Shopping in craft markets for bric-a-brac and handmade treasures. Wondering about that word craft, and how “art” would be more appropriate for such exquisite skills. Wondering how I could have lived without a Peruvian alpaca wool throw, a Laotian hand-spun cotton bedspread, a tiny Japanese teacup of exquisite fragility. Talking to artisans, learning their stories, admiring the unsung who devote their lives to creating objects of ineffable beauty. Worrying about mounting shopping bags. Checking excess baggage fees. Devising how to explain myself to family members at home. Will they even let me in the door with a new stash of cardboard boxes.

Staying in hotels of any style or status. Savouring the feeling of being alone and snug. The shamelessly piggy thrill of breakfast on a tray in bed. Watching soaps on telly at 3am. Tubes of Pringles and chocolates shaped like the alps. Shaking crumbs from the sheets. Not feeling (too) guilty about clothing flung every which way and damp towels left in a heap. Shedding my domestic tidiness like an unwanted skin. Leaving generous tips for housekeeping staff as atonement.

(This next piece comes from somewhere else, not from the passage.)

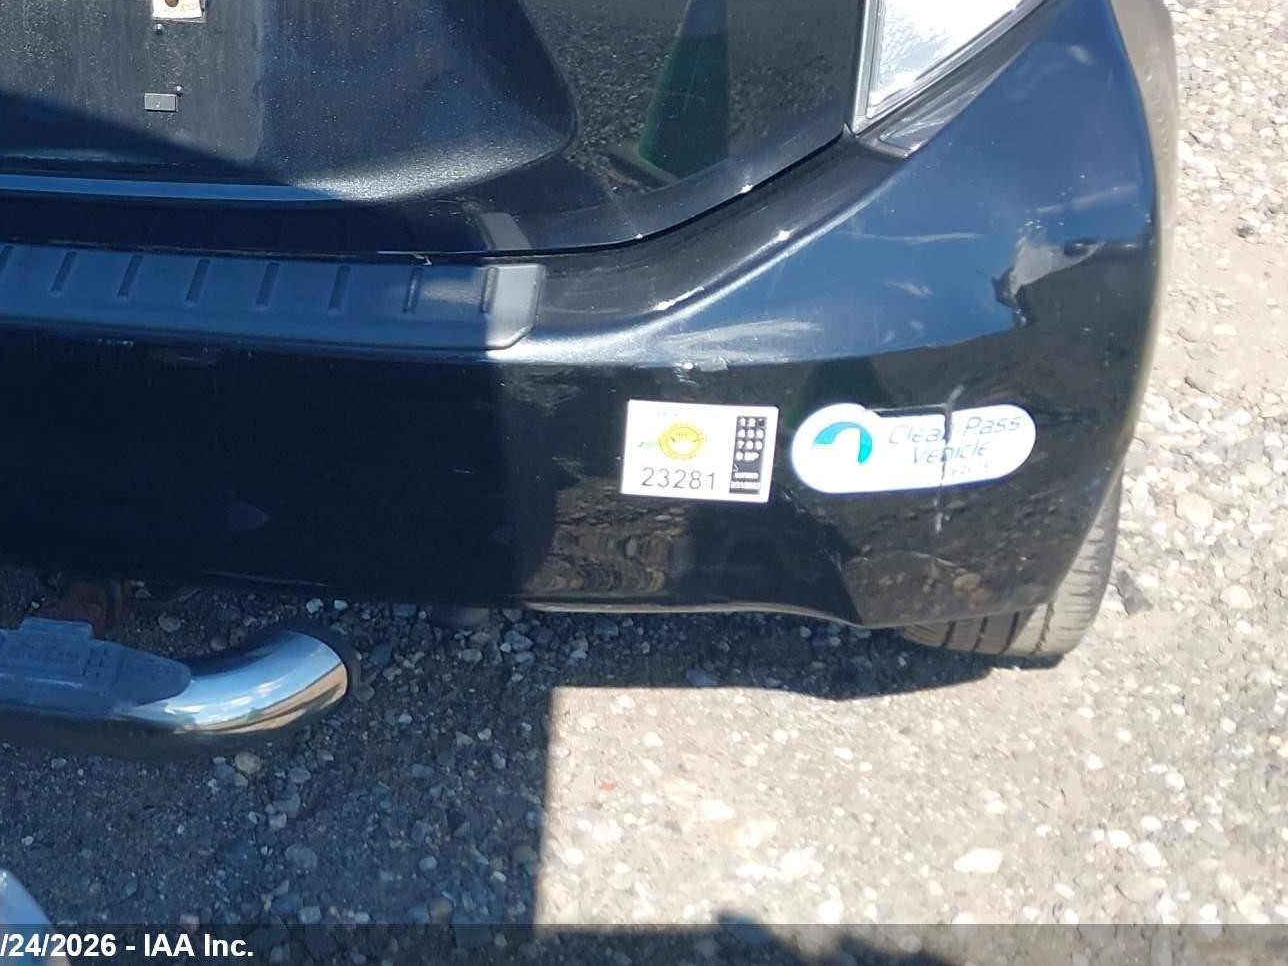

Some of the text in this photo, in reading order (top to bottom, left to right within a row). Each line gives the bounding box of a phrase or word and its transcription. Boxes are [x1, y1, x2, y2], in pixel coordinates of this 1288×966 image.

[888, 416, 1022, 444] Clea Pass
[641, 466, 716, 490] 23281
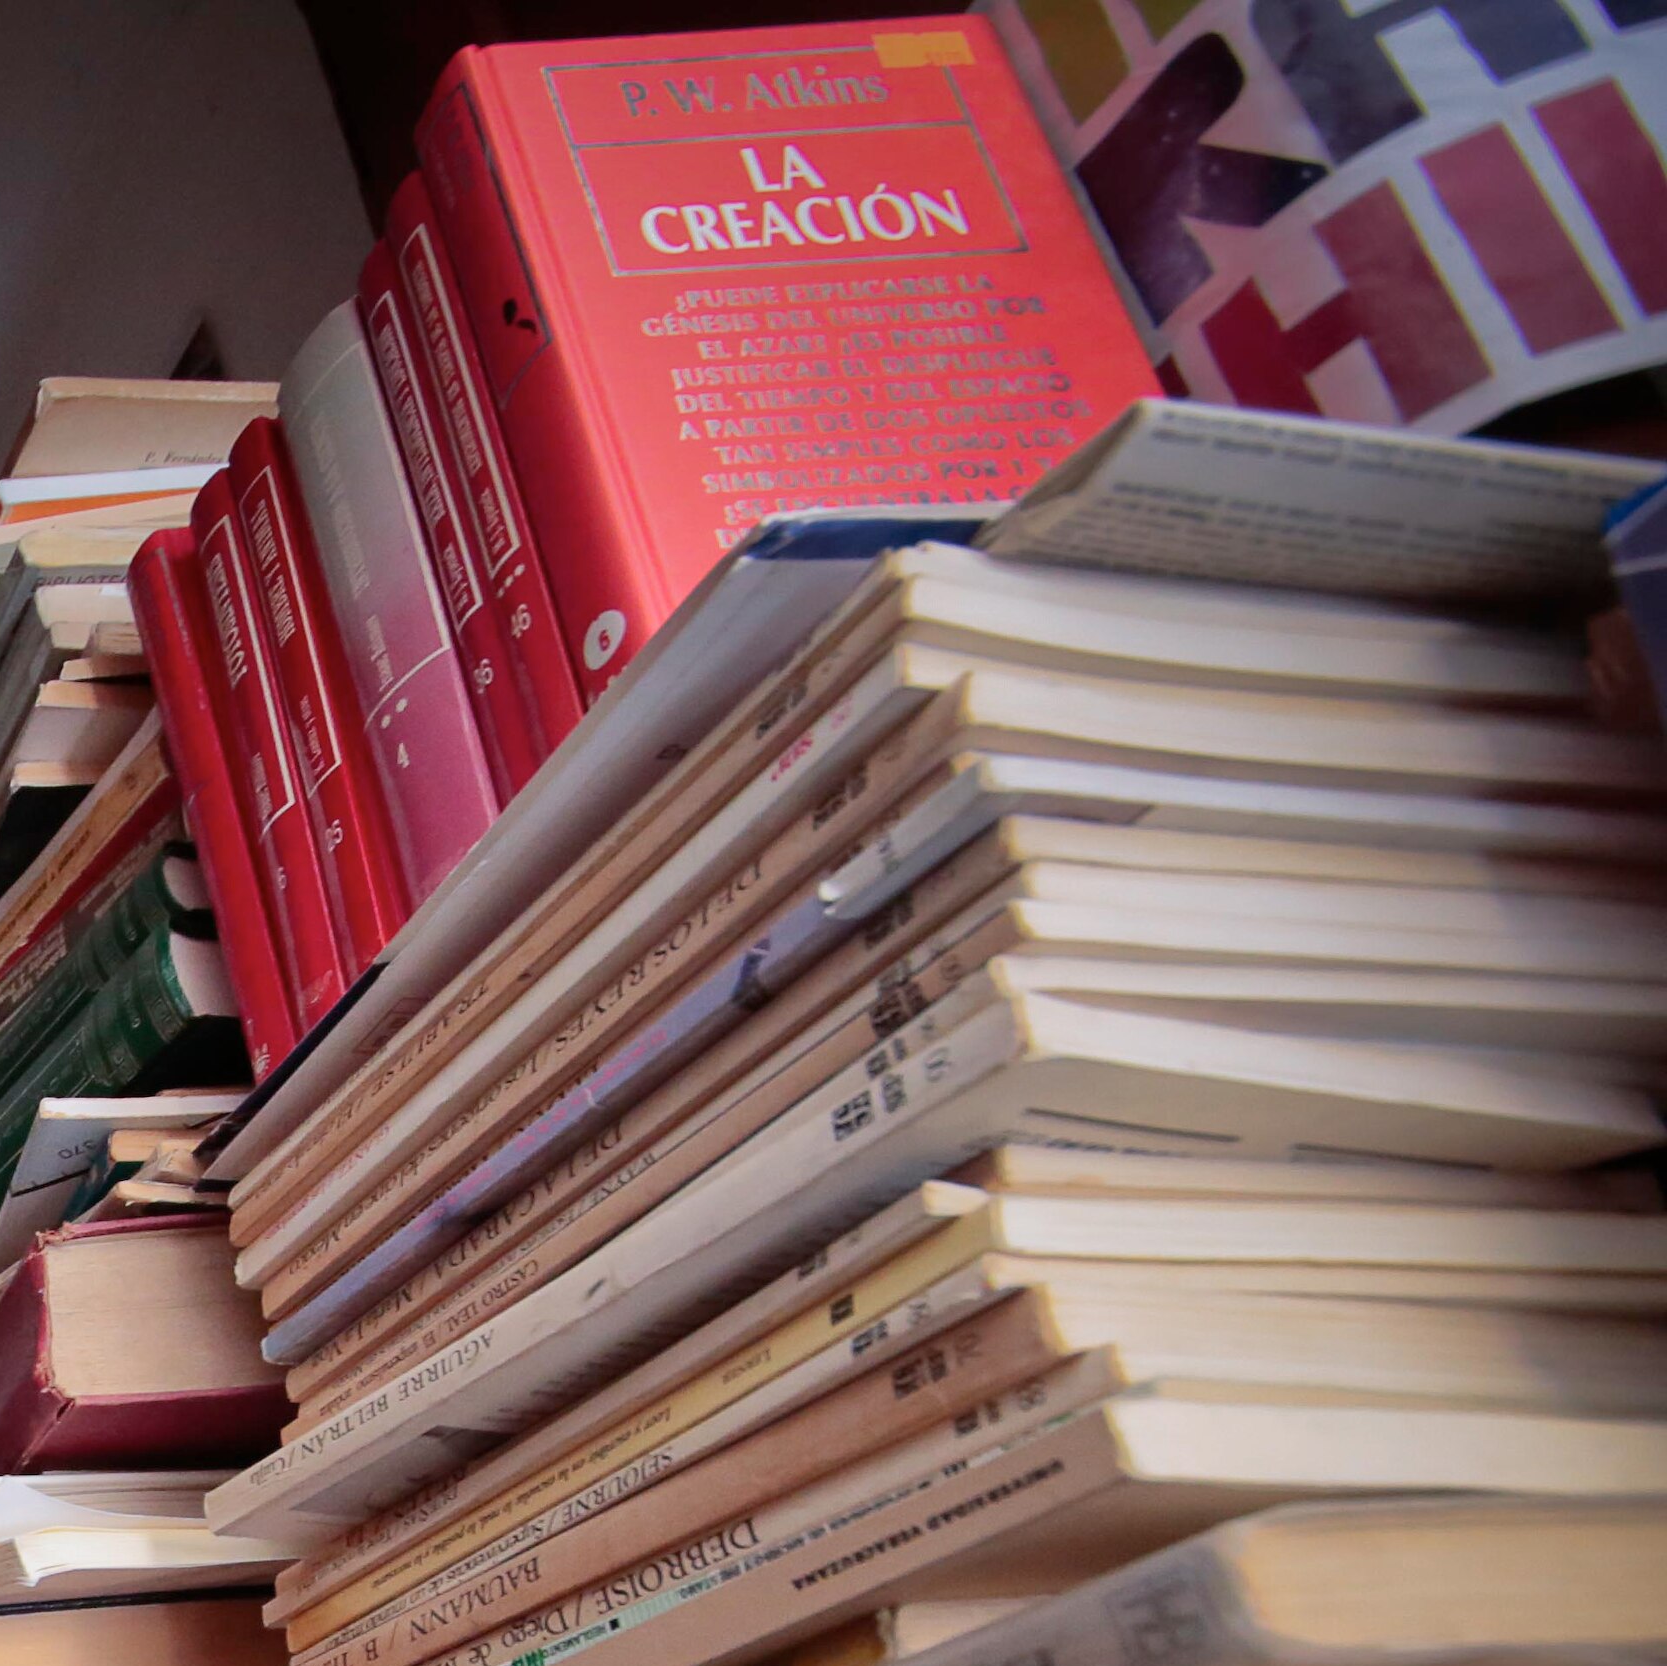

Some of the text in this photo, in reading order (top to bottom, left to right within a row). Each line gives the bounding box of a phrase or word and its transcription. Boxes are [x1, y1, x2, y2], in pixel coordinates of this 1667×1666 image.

Waiting in an airport lounge. People-watching. Assigning names, occupations, backstories to fellow travellers. The click of the seatbelt. The eternal wonder of taking off. Nodding to the next-seat passenger. Pretending I understand no known language. Putting on headphonesimmediately. Squinting at a tiny screen. Wondering just how many movies Julia Roberts has made. Napping fitfully. Landing. The faces of those I love. The happy reunion. Unpacking. Changing into daggy clothes. Shoving the suitcase in a corner. Plotting and planning again. The click of the front gate behind me. The release.